Thanks for that... is this comprehensive evaluation something our regular MD can do?
 

InsaneCdn

Well-Known Member
No. Usually, it is done by a PhD-level psychologist specializing in comprehensive testing, OR an evaluation team at a children's hospital or teaching hospital, OR a neuropsychologist.
 

svengandhi

Well-Known Member
Although I have/had 5 current and former teenagers, I have no experience with drug or alcohol use. However, I do have experience with anxiety which is school based and I have a suggestion that might seem out of the box to you, but might be something you'd like to discuss with your son and husband.

My oldest son is Aspie-light and had some social anxiety issues. After 9th grade, we switched him to an alternative school which specialized in kids with those issues. It also had a program for kids with generalized anxiety and other mental health issues. He's 25 now and although he didn't graduate from college and is underemployed given his intelligence, he is much less anxious now (no medications), has friends and even a girlfriend. He is finally starting to mature and H and I have hope for his future.

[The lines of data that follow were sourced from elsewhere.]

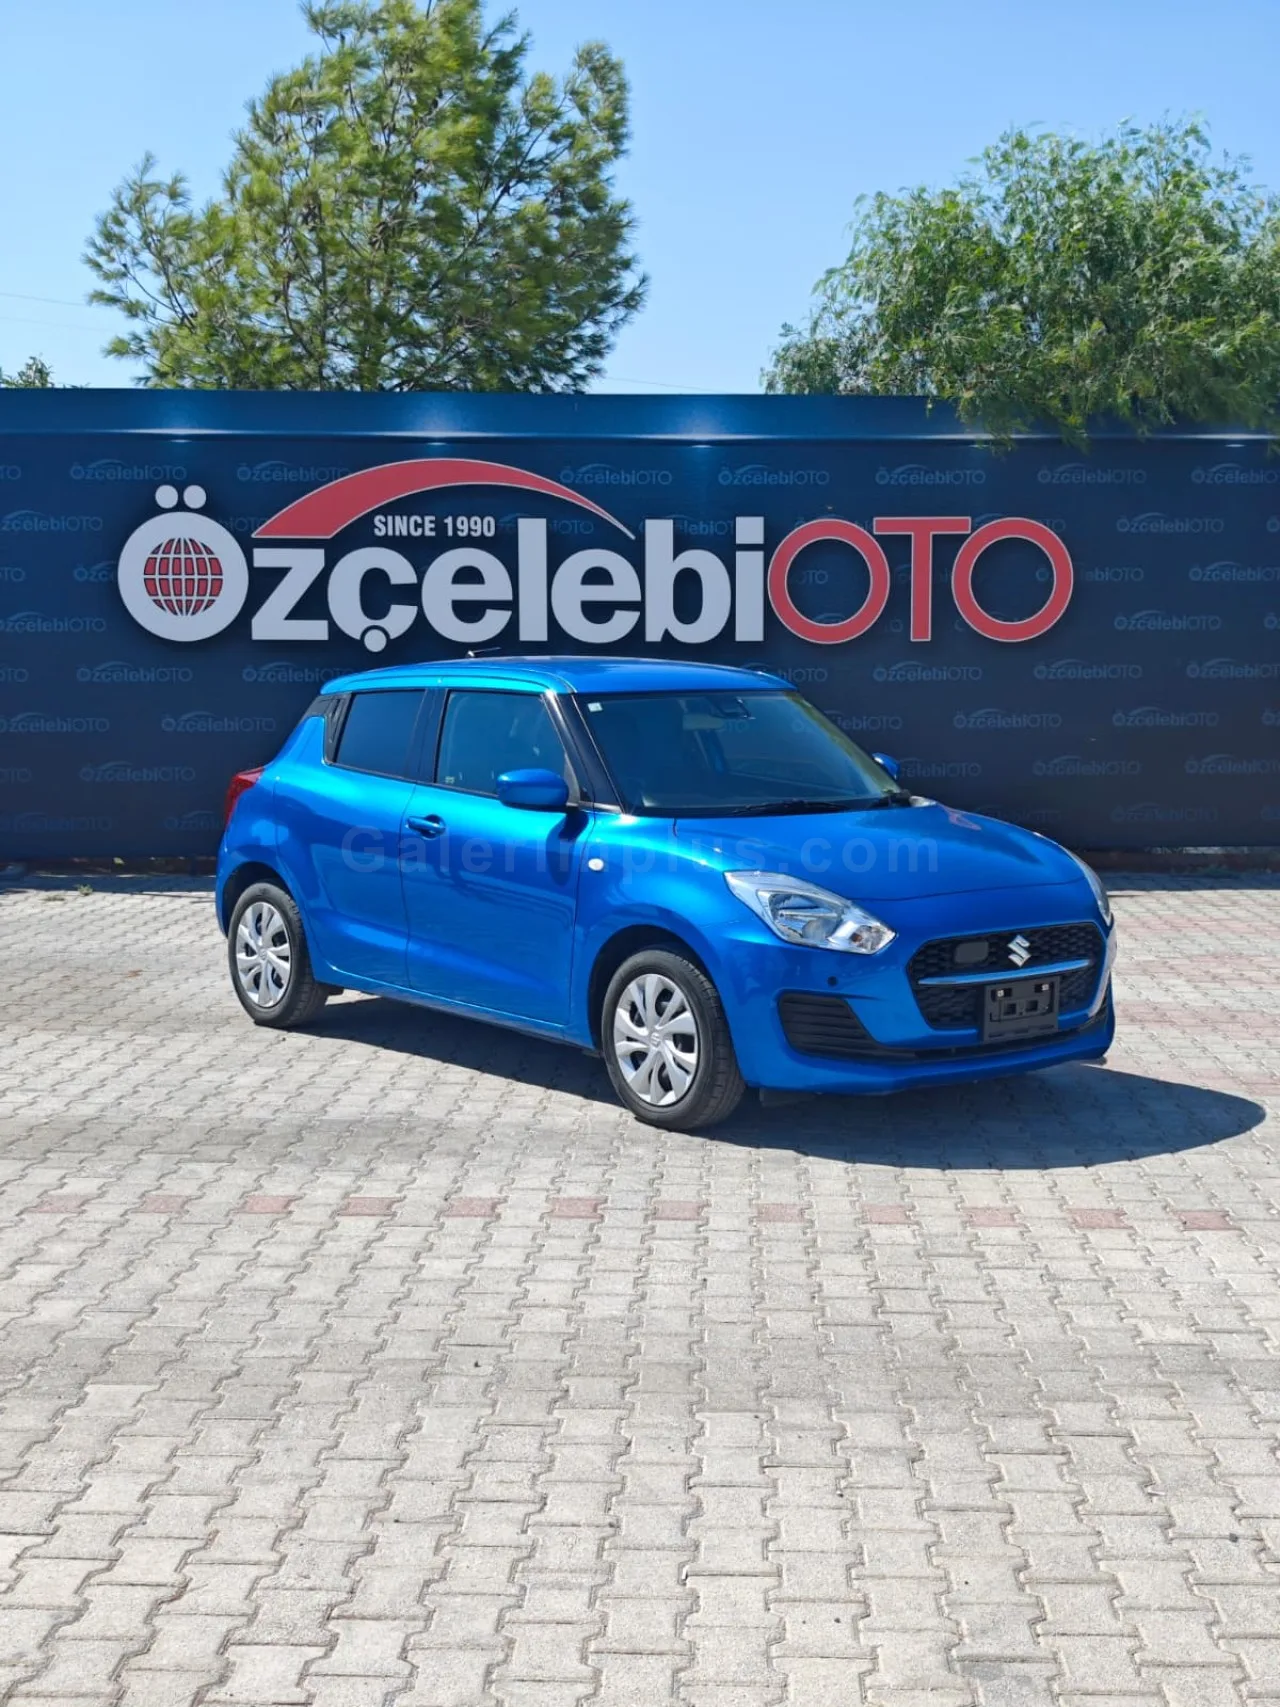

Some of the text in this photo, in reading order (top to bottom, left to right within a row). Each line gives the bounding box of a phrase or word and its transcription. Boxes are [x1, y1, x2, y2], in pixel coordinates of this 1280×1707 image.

[1190, 466, 1280, 485] ÖzçelebiO
[0, 514, 104, 534] zçelebiOTO
[373, 514, 497, 539] SINCE 1990
[116, 483, 1075, 653] ÖzçelebiOTO
[1188, 563, 1280, 583] ÖzçelebiOT
[0, 616, 108, 634] zçelebiOTO
[1186, 660, 1280, 680] ÖzçelebiOT

Second son is off the charts brilliant but had school anxiety. We resisted moving him to an alternative school and he wound up graduating HS late, because he failed English. He took a year off, went to college and was thrown out for poor grades last semester. After that, he confessed feelings to us which are similar to your son's (inability to decide what he wants to study, inability to deal with not being perfect, etc.). We got him into counseling and were able to expunge the last semester. He's away at school, in counseling, no medications and actually calls or texts us once in awhile. When he was younger, his diagnosis was ODD.

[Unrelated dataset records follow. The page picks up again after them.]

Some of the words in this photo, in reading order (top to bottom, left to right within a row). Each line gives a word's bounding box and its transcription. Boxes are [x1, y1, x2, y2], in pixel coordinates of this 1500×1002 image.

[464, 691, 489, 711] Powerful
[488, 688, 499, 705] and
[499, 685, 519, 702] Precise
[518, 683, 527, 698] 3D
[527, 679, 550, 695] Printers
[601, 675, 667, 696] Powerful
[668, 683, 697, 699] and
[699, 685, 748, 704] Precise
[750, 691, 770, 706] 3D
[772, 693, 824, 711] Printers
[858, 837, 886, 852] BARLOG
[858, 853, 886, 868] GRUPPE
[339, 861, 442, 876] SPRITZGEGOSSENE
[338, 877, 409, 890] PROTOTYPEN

Maybe you might want to look into a different HS for your son since the one he is in seems to fueling the anxiety. In my district, we have a HS which is referred to as a portfolio school - there are no grades, just write ups and when it comes time for college, the teachers write joint recommendations for the students based on their work with them. The kids get into some very nice schools - one graduate is in the entertainment industry and is someone you would likely have heard of. A school like that might relieve your son's anxiety and if he is less anxious, he might feel less of a need to self-medicate, That is not the school my son went to but I know several kids who went there and the parents have all been pleased.

Good luck...
 

Rannveig

Member
I can't improve on the advice the others have given but want to send sympathy. There's Alzheimer's in my family, so I know well how painful and exhausting that is. And I, too, am preparing to sell my house in order to increase my family's financial flexibility. And my high school-age son, too, has problems that are stumping me at the moment. I did get my son a thorough work-up with a neuropsychologist, and it did clarify for us what we need to do, as well as help demonstrate to him how much we care about his pain, but even that is just the beginning of a journey. And it is certainly difficult to find a treatment provider who checks all our very reasonable boxes. So...I hope you'll keep posting and find as much kindness and good sense here as I have. Take care, MamaHal.